[Text-to-region grounding data]

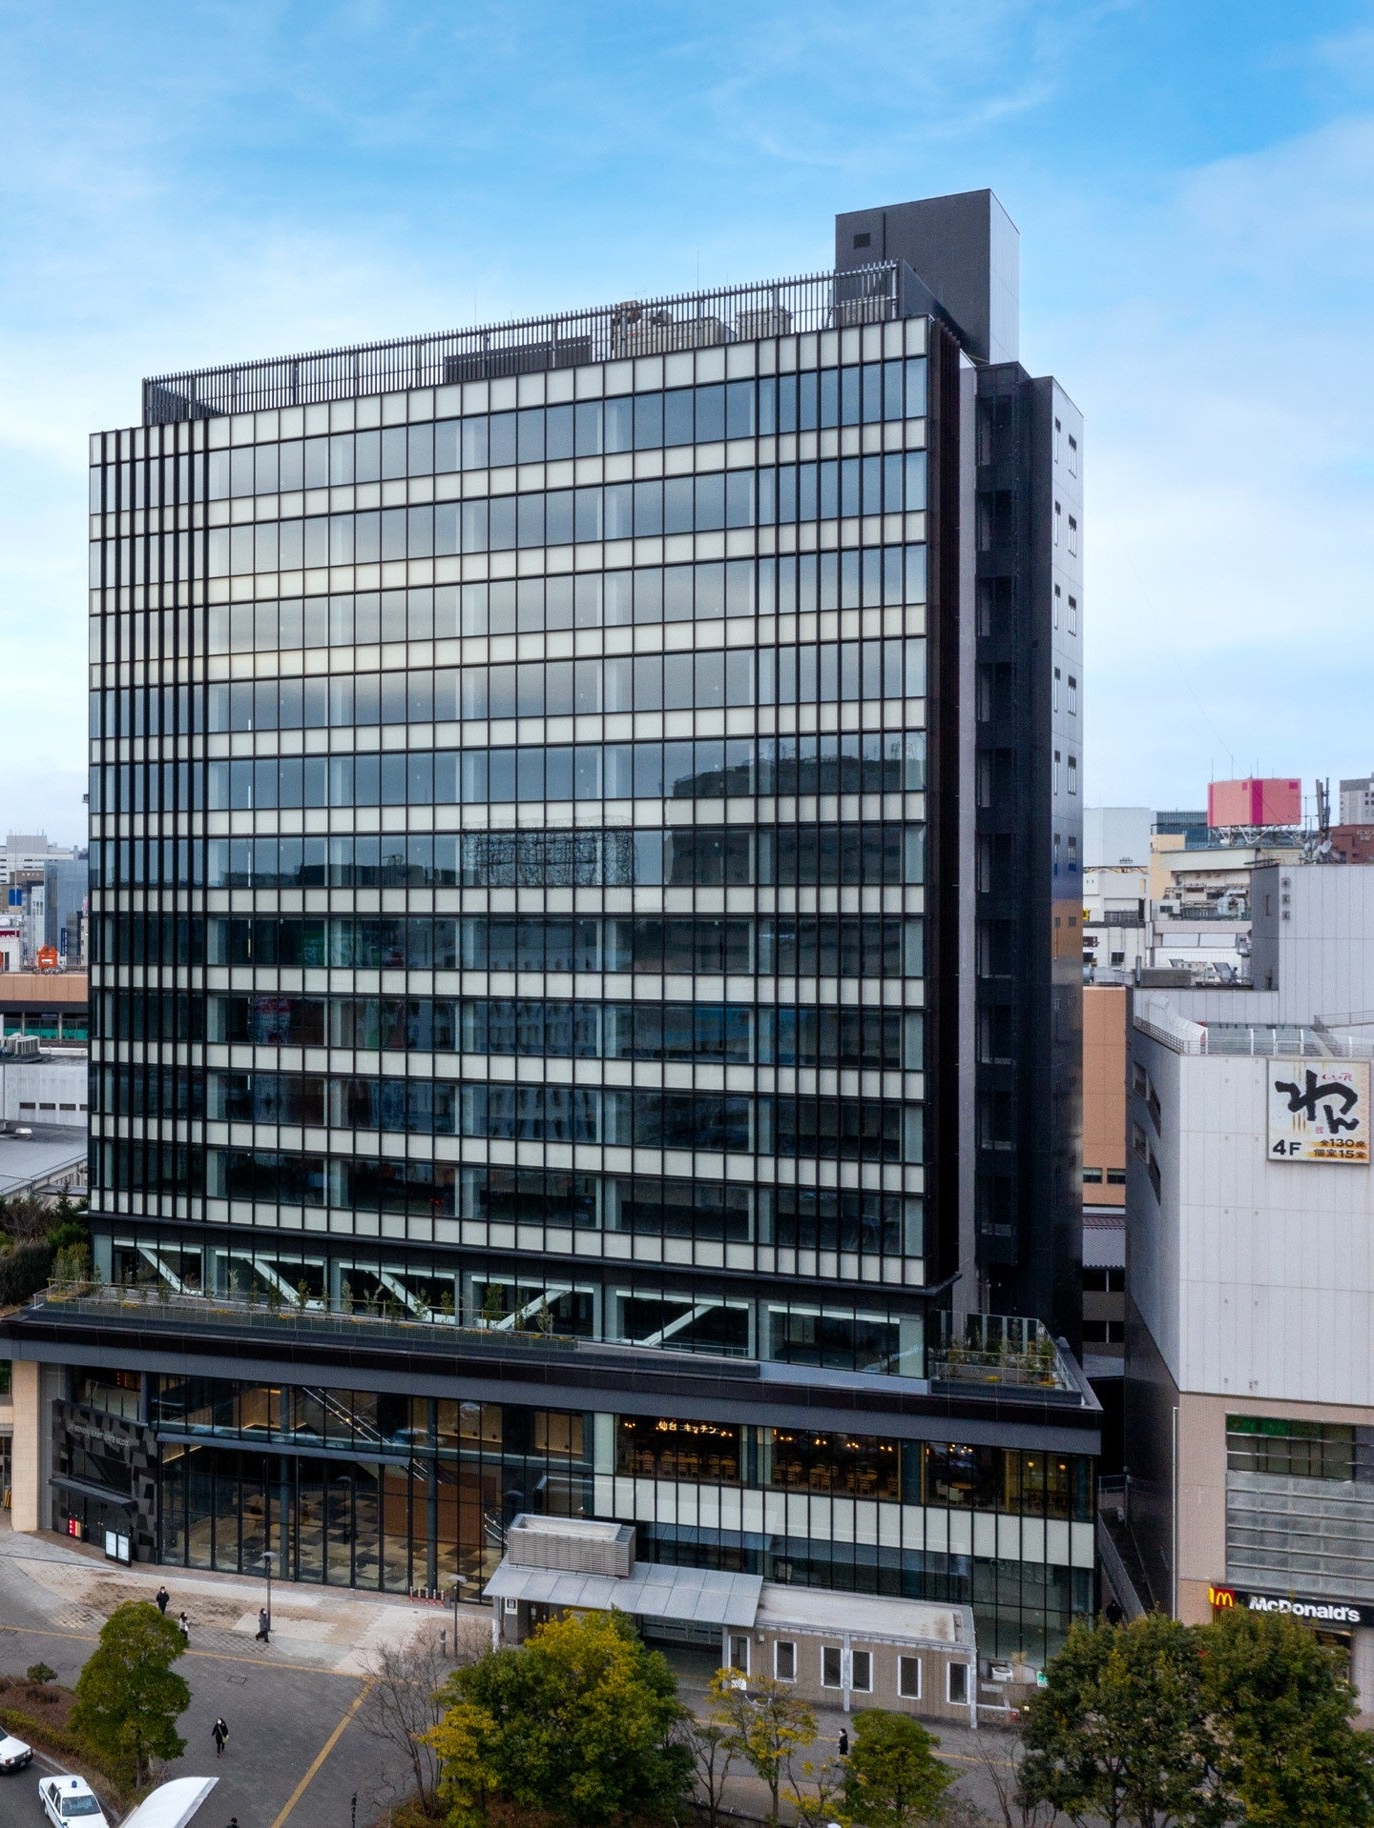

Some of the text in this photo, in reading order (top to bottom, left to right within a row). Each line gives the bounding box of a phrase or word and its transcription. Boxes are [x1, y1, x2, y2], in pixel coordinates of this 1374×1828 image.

[1275, 1069, 1359, 1134] わん
[1273, 1139, 1302, 1156] 4F
[1248, 1596, 1361, 1622] McDonald's
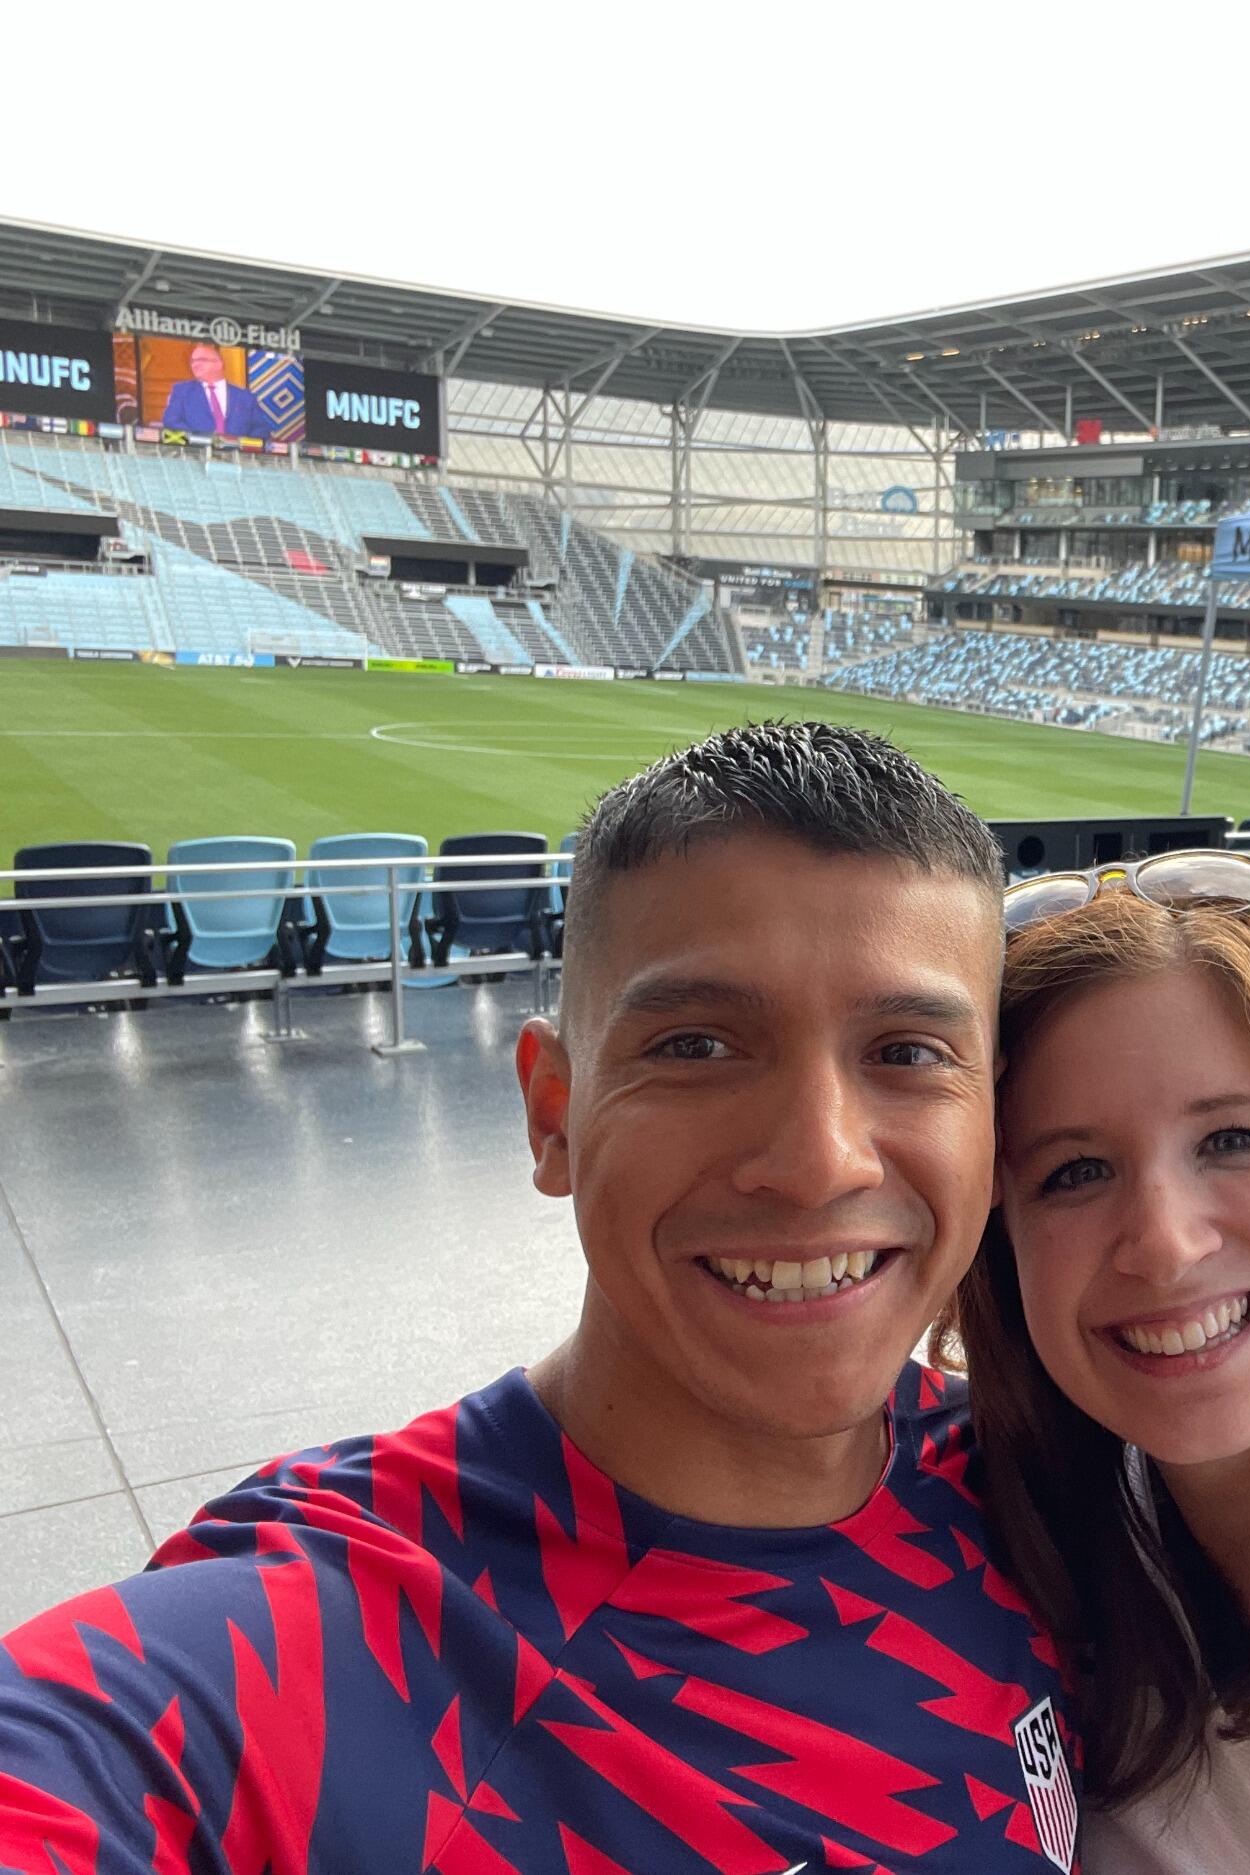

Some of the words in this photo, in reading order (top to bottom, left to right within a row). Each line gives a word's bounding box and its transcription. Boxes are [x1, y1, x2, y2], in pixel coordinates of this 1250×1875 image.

[115, 306, 205, 338] Allianz
[247, 324, 301, 350] Field
[326, 389, 421, 429] MNUFC
[1017, 1706, 1058, 1781] USA

** AIM OF THE TASK **
Your answer must be the line containing "Some of the words" and every line after it through the end of the records above, reproduced exactly and alone.

** RESULT **
Some of the words in this photo, in reading order (top to bottom, left to right within a row). Each line gives a word's bounding box and its transcription. Boxes are [x1, y1, x2, y2], in pixel coordinates of this 1250×1875 image.

[115, 306, 205, 338] Allianz
[247, 324, 301, 350] Field
[326, 389, 421, 429] MNUFC
[1017, 1706, 1058, 1781] USA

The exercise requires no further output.